WHAT TO PRODUCE -> Give back every entry precisely as written, without any of the images.

DATASET ->
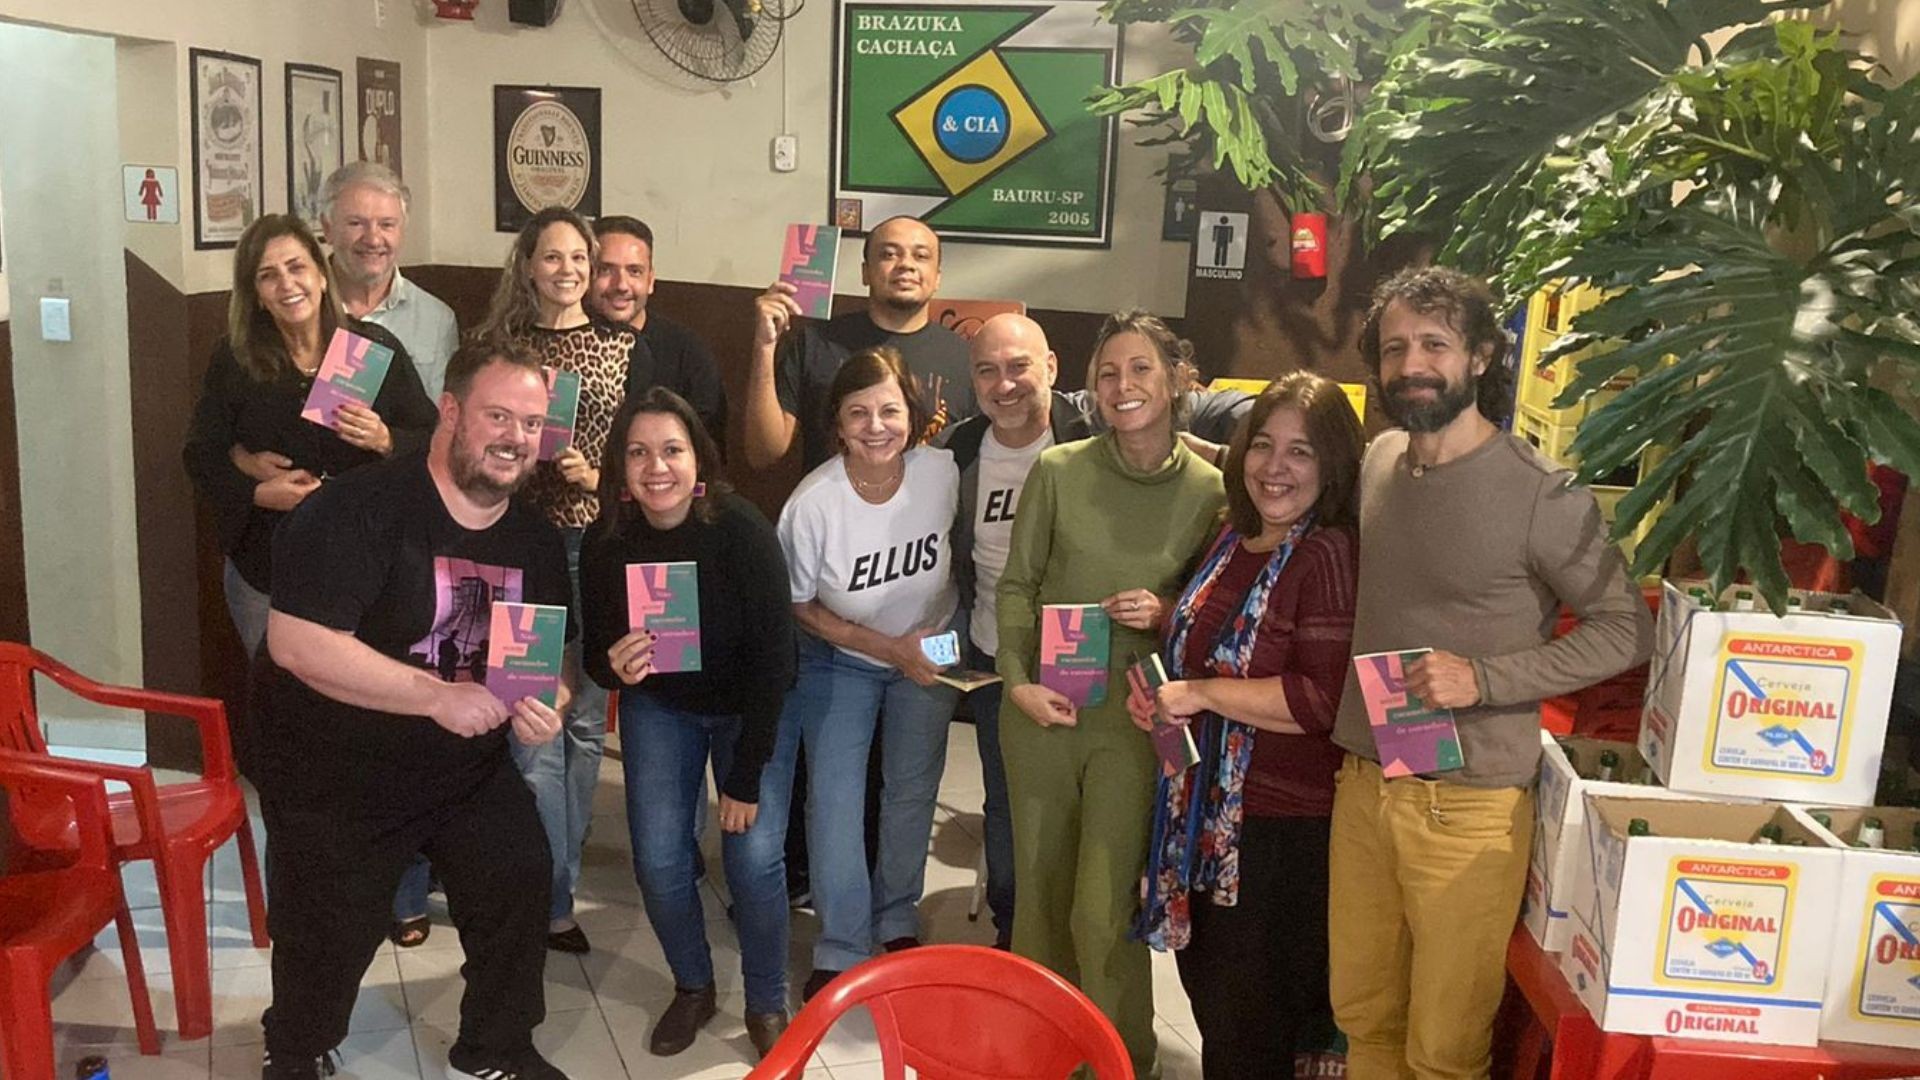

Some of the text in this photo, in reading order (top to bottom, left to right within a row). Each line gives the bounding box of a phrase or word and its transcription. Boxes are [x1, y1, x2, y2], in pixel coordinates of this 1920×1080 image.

[857, 15, 964, 32] BRAZUKA
[857, 39, 957, 59] CACHAÇA
[942, 115, 1000, 133] & CIA
[513, 145, 585, 168] GUINNESS
[992, 189, 1084, 206] BAURU-SP
[1048, 212, 1091, 226] 2005
[1195, 268, 1243, 280] MASCULINO
[847, 533, 939, 593] ELLUS
[1742, 641, 1838, 658] ANTARCTICA
[1757, 676, 1812, 692] Cerveja
[1727, 690, 1838, 720] ORIGINAL
[1691, 863, 1777, 878] ANTARCTICA
[1677, 906, 1778, 934] ORIGINAL
[1665, 1009, 1760, 1034] ORIGINAL

ANSWER ->
Some of the text in this photo, in reading order (top to bottom, left to right within a row). Each line gives the bounding box of a phrase or word and its transcription. Boxes are [x1, y1, x2, y2], in pixel coordinates of this 1920×1080 image.

[857, 15, 964, 32] BRAZUKA
[857, 39, 957, 59] CACHAÇA
[942, 115, 1000, 133] & CIA
[513, 145, 585, 168] GUINNESS
[992, 189, 1084, 206] BAURU-SP
[1048, 212, 1091, 226] 2005
[1195, 268, 1243, 280] MASCULINO
[847, 533, 939, 593] ELLUS
[1742, 641, 1838, 658] ANTARCTICA
[1757, 676, 1812, 692] Cerveja
[1727, 690, 1838, 720] ORIGINAL
[1691, 863, 1777, 878] ANTARCTICA
[1677, 906, 1778, 934] ORIGINAL
[1665, 1009, 1760, 1034] ORIGINAL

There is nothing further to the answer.